On Tue, Apr 27, 2010 at 09:48:23AM +0200, Wolfgang Grandegger wrote:
> Oliver Hartkopp wrote:
> > Subhasish Ghosh wrote:
> > 
> >> The CAN controller that I am using allows configuring per-mailbox IDs.
> >> CAN being a broadcast network, this feature reduces the interrupts to
> >> the processor.
> >>
> >> From Documentation/can.txt, what I understand is that the socketcan
> >> interface does not provide any mechanism to configure the h/w for this
> >> purpose (chapter 6.3).
> >>
> >> Instead, the h/w is configured to receive all identifiers and the
> >> filtering is done on the stack (like ti_hecc.c) and to avoid hogging the
> >> processor some interrupt mitigation techniques like NAPI is implemented.
> >>
> >> Isn't this a work around?
I think the mailbox infrastructure is a workaround to sell CAN chips
without the requirement for a decent software infrastructure :-)

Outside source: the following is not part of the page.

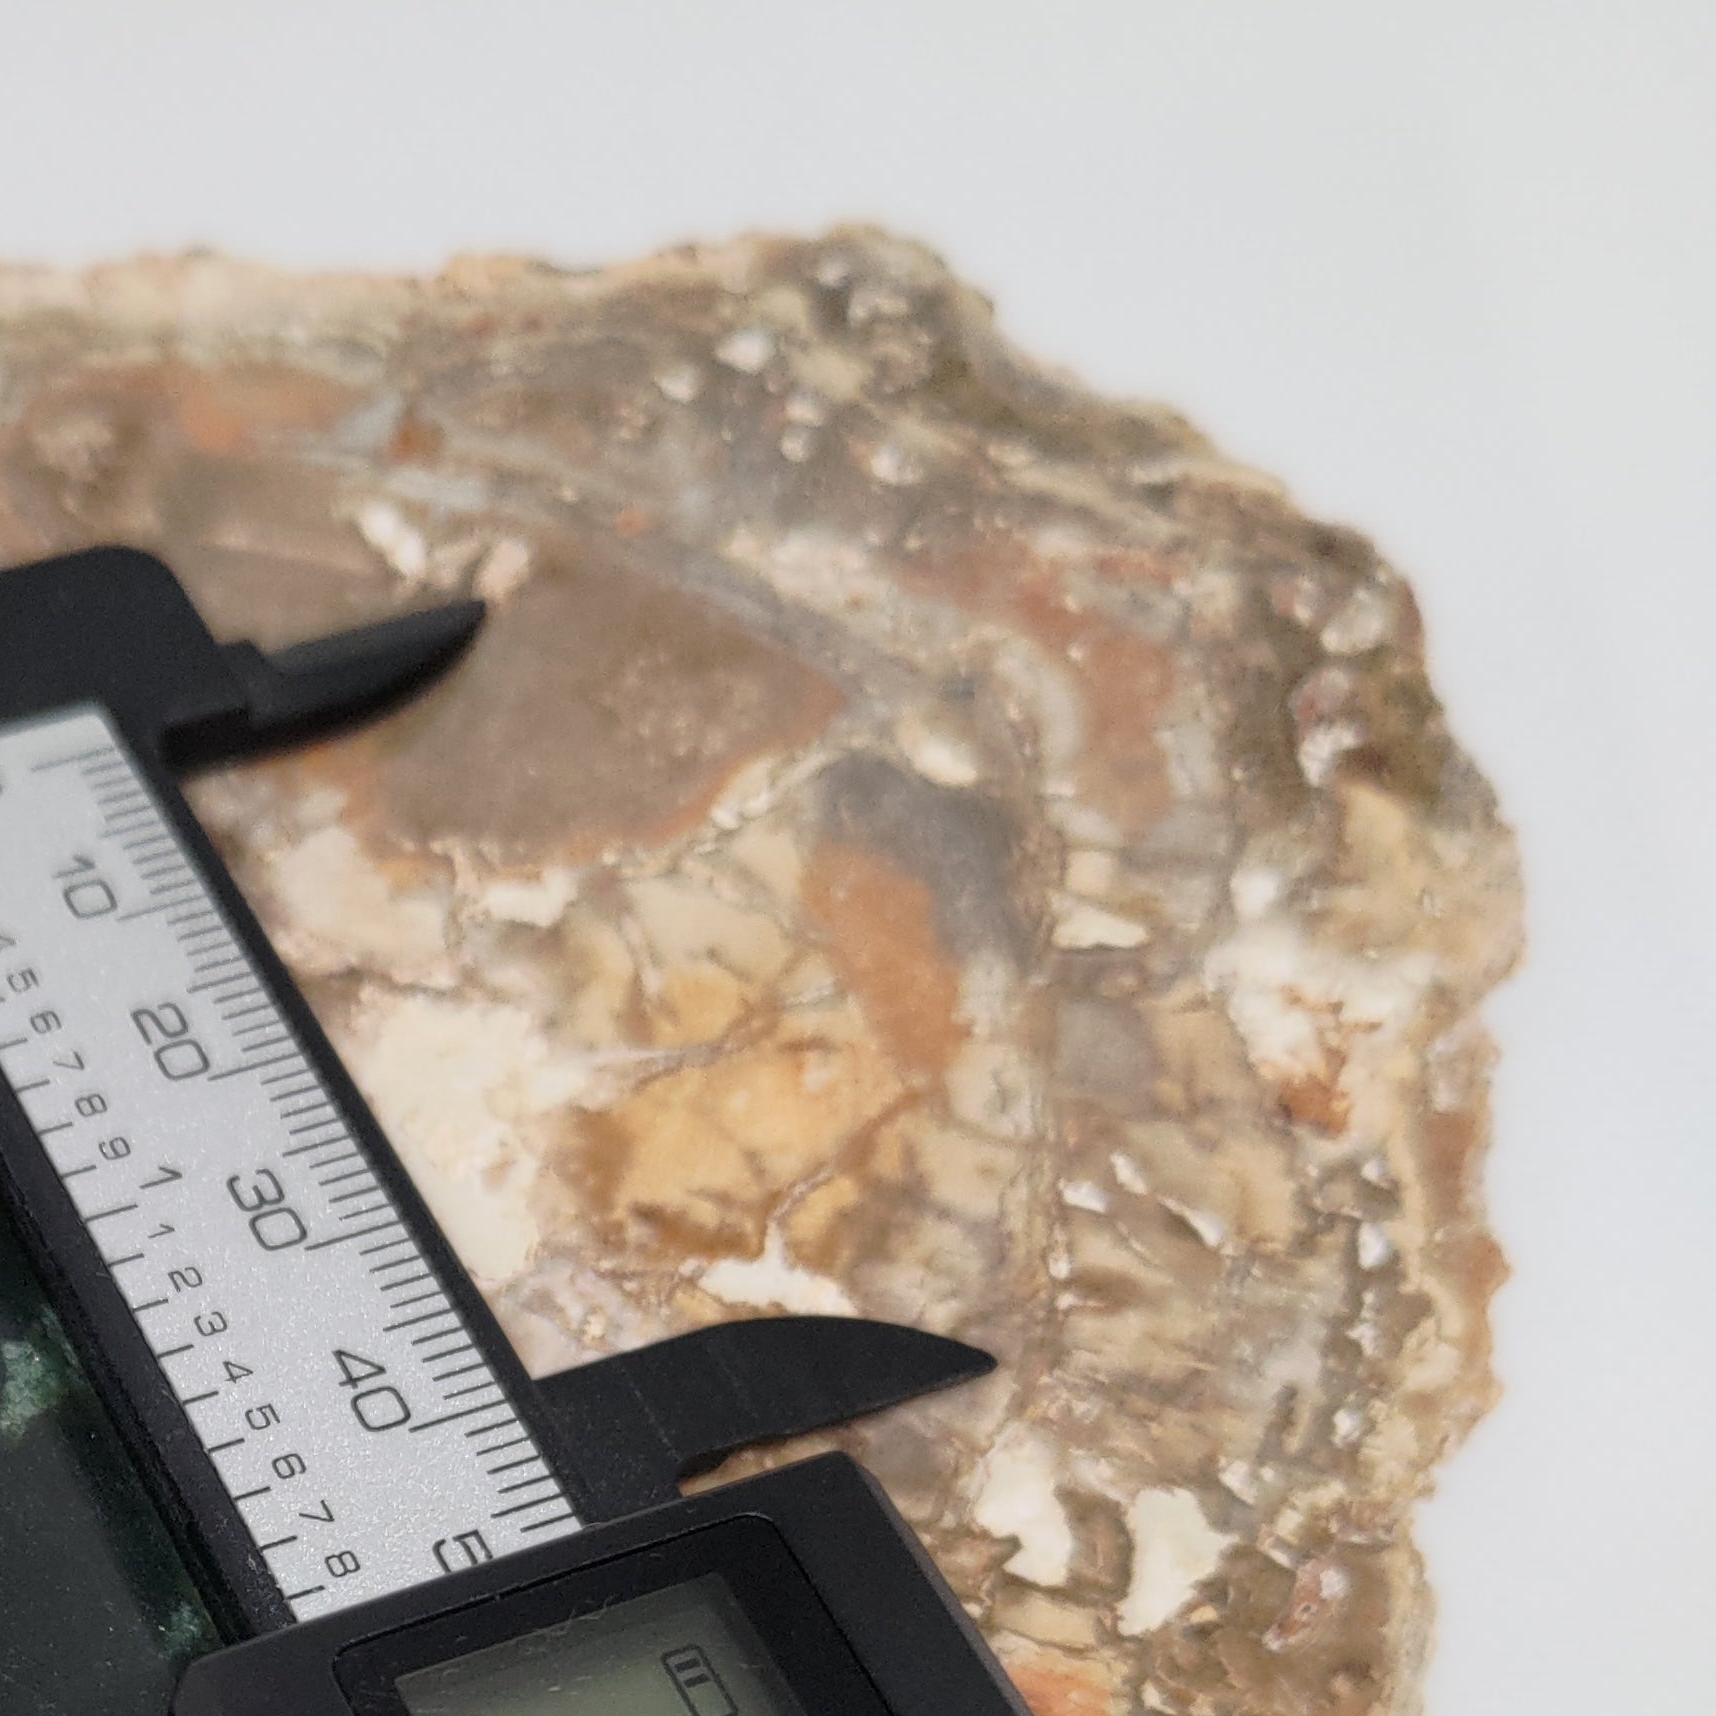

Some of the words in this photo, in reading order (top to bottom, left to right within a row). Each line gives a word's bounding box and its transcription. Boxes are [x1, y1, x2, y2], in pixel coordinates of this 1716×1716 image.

Can your CAN chip receive RTR frames and put them to software without the
hardware transmitting something?
> > 
> > 
> > No it's not.
> > 
> > Remember that you're working in a multi-user system now, and therefore it's
> > not defined what all of your user-apps need from the specific CAN bus.
> > 
> > For that reason the implementation of efficient filters is done in the
> > soft-IRQ that's called right after the (hard-) interrupt routine of the CAN
> > driver.
> > 
> > Having a generic CAN driver interface is one of the major motivations for
> > SocketCAN. You really don't want to have hardware-specific ("N mailboxes")
> > configuration interfaces which leads into a maintenance hell.
> 
> Yes, I also do not see a generic way yet to support per mailbox (or
> message object) filtering.
Ack.

I've had some experience with the CAN chip within the c167 infineon cpu, which I
believe is similar to the bosch cc770 can chip.
Such setup with different 'mailboxes' only worked when there is a system-wide
policy defined which CAN id go via which mailbox.

a small piece of history:
Before I found that such policy is _really_ required (although I found this 
nowhere
in the datasheets), I ran into a race condition of the hardware (!).
If you put (in that specific CAN chip) 2 different CANids in TX mailboxes, but 
whose
CANids do match within the global receive mask, and the lowest CAN id is put in 
a 
mailbox after the higher(=lower priority on CAN) CANid, then the CAN chip would 
send
the higher priority CAN id first (=good), but fails to find the correct TX 
mailbox
in the CAN chip. Instead, it marks the first matched mailbox(= higher CAN id, 
which
was not sent!) as transmitted. Subsequently, it finds the second mailbox (with 
the 
CANid that was just sent) as wanting transmission ......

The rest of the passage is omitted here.